Wind and rain rioted in the wood, and occasionally both fell upon the library windows with a howl and a splash. The tempest had wakened me; it seemed that every chimney in the house held a screaming demon. We were now well-launched upon December, and I was growing used to my surroundings. I had offered myself frequently as a target by land and water; I had sat on the wall and tempted fate; and I had roamed the house constantly expecting to surprise Bates in some act of treachery; but the days were passing monotonously. I saw nothing of Morgan—he had gone to Chicago on some errand, so Bates reported—but I continued to walk abroad every day, and often at night, alert for a reopening of hostilities. Twice I had seen the red tam-o’-shanter far through the wood, and once I had passed my young acquaintance with another girl, a dark, laughing youngster, walking in the highway, and she had bowed to me coldly. Even the ghost in the wall proved inconstant, but I had twice heard the steps without being able to account for them.

Memory kept plucking my sleeve with reminders of my grandfather. I was touched at finding constantly his marginal notes in the books he had collected with so much intelligence and loving care. It occurred to me that some memorial, a tablet attached to the outer wall, or perhaps, more properly placed in the chapel, would be fitting; and I experimented with designs for it, covering many sheets of drawing-paper in an effort to set forth in a few words some hint of his character. On this gray morning I produced this:

1835
 The life of John Marshall Glenarm
 was a testimony to the virtue of
 generosity, forbearance and gentleness
 The Beautiful things he loved
 were not nobler than his own days
 His grandson (who served him ill)
 writes this of him
 1901

I had drawn these words on a piece of cardboard and was studying them critically when Bates came in with wood.

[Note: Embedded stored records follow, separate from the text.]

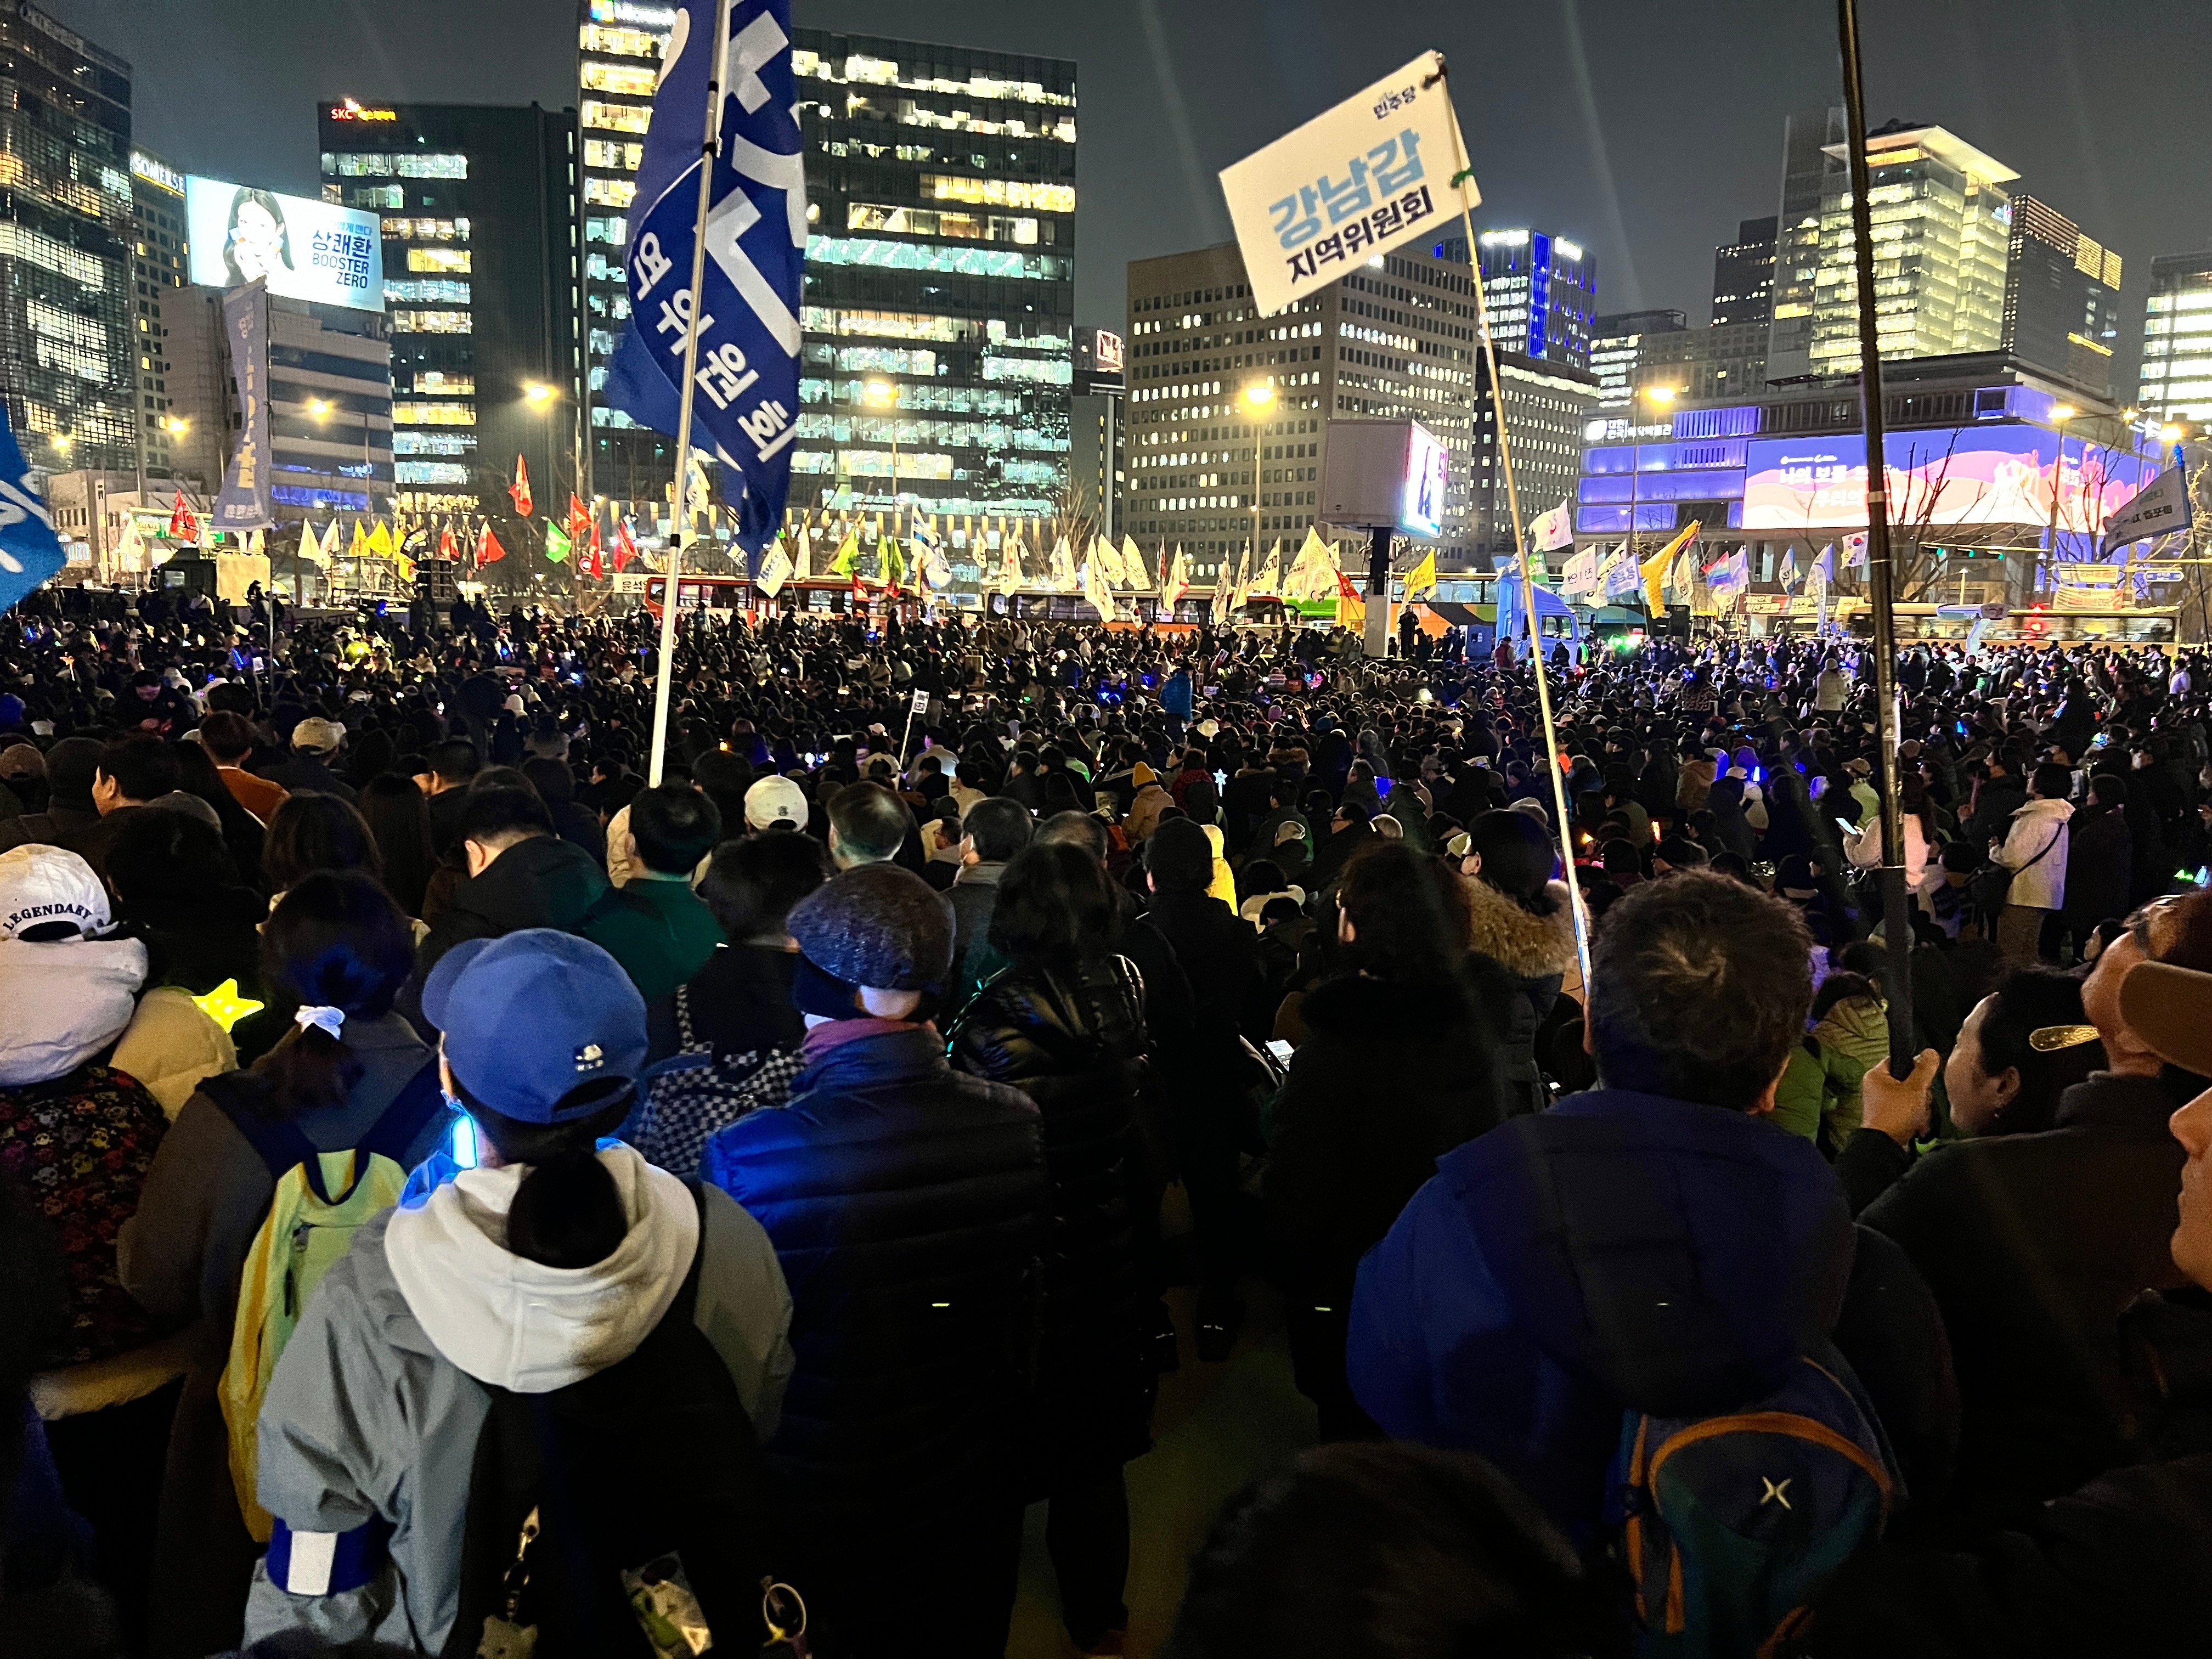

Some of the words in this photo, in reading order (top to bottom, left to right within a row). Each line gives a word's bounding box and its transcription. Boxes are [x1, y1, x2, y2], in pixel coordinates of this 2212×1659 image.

[331, 108, 354, 120] SKC
[1373, 85, 1416, 120] 민주당
[313, 230, 372, 260] 상쾌환
[1286, 184, 1434, 284] 지역위원회
[313, 252, 370, 275] BOOSTER
[336, 272, 368, 289] ZERO
[3, 904, 93, 931] LEGENDARY

“Those are unmistakable snowflakes, sir,” said Bates from the window. “We’re in for winter now.”

It was undeniably snow; great lazy flakes of it were crowding down upon the wood.

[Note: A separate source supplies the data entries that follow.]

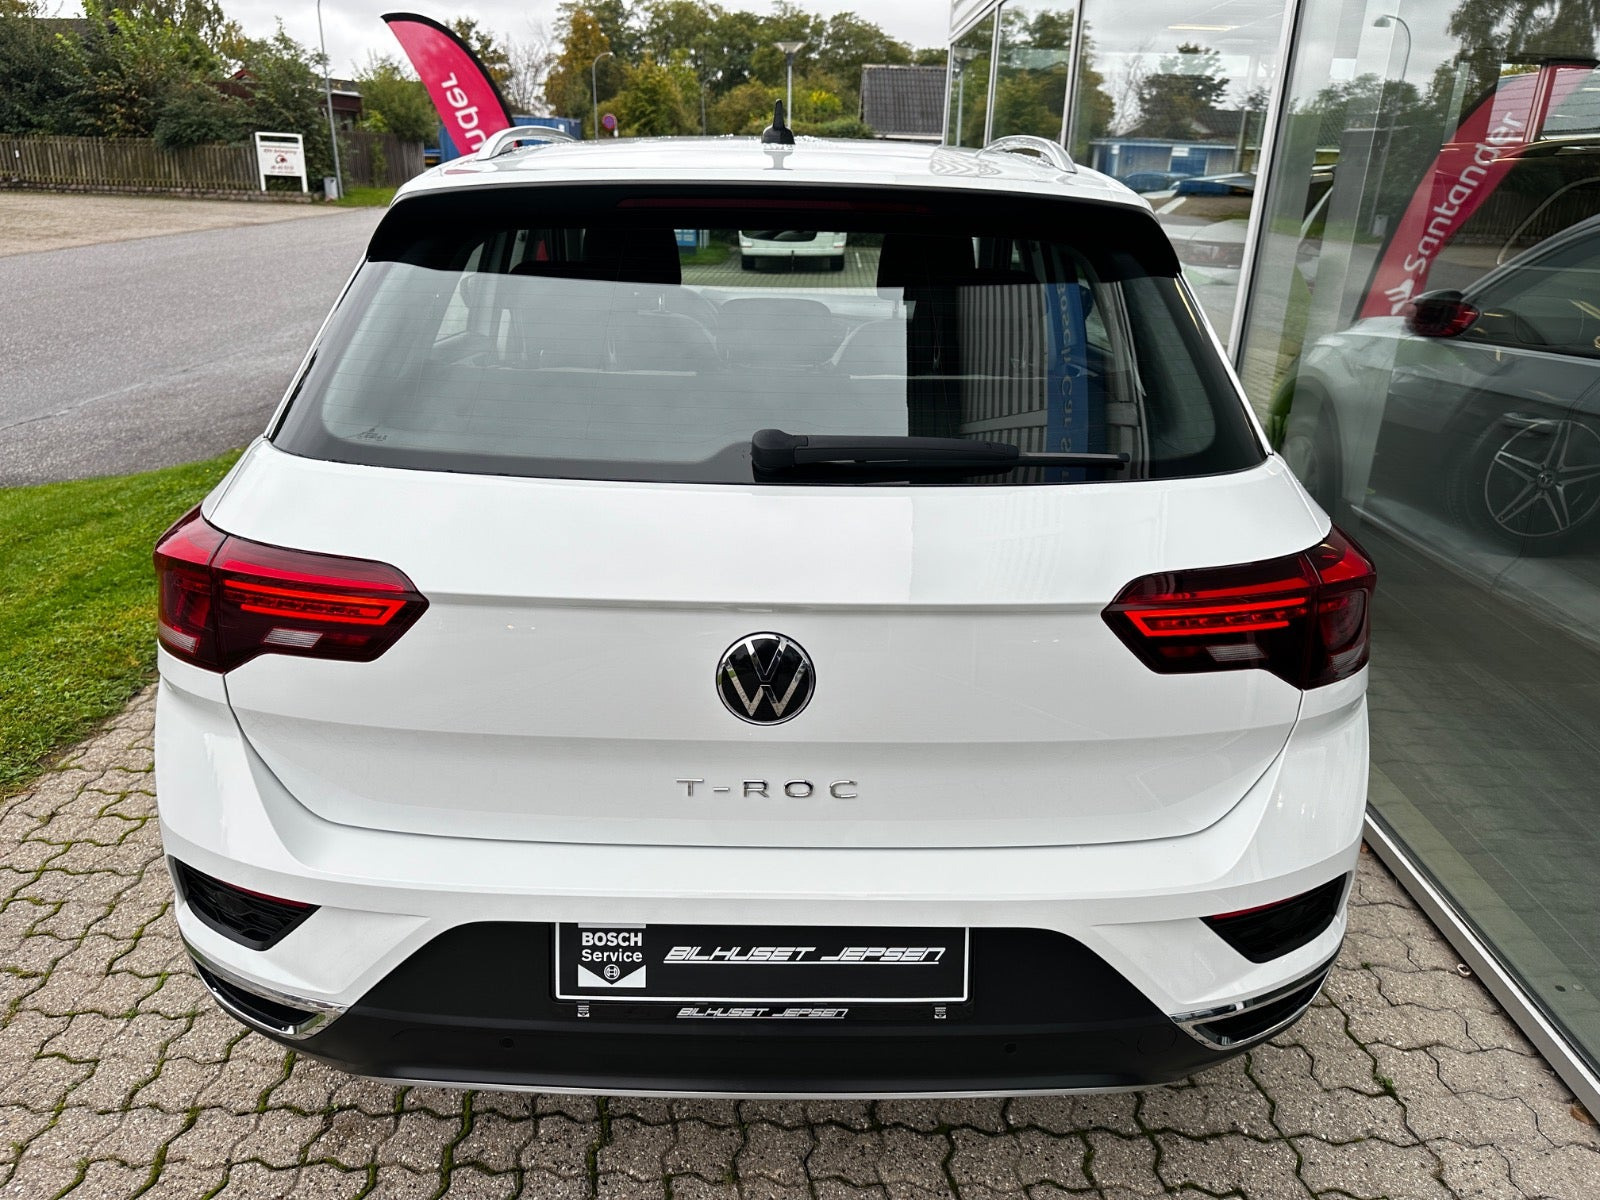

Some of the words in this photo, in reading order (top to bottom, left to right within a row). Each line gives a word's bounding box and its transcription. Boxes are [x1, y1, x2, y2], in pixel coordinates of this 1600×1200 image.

[1403, 112, 1523, 275] Santander
[676, 778, 858, 799] T-ROC
[581, 931, 643, 947] BOSCH
[581, 948, 643, 962] Service
[664, 946, 817, 961] BILHUSET
[819, 947, 947, 961] JEPSEN
[677, 1007, 770, 1017] BILHUSET
[771, 1008, 849, 1017] JEPSEN

Bates had not mentioned Morgan or referred even remotely to the pistol-shot of my first night, and he had certainly conducted himself as a model servant. The man-of-all-work at St. Agatha’s, a Scotchman named Ferguson, had visited him several times, and I had surprised them once innocently enjoying their pipes and whisky and water in the kitchen.

“They are having trouble at the school, sir,” said Bates from the hearth.

“The young ladies running a little wild, eh?”

“Sister Theresa’s ill, sir. Ferguson told me last night!”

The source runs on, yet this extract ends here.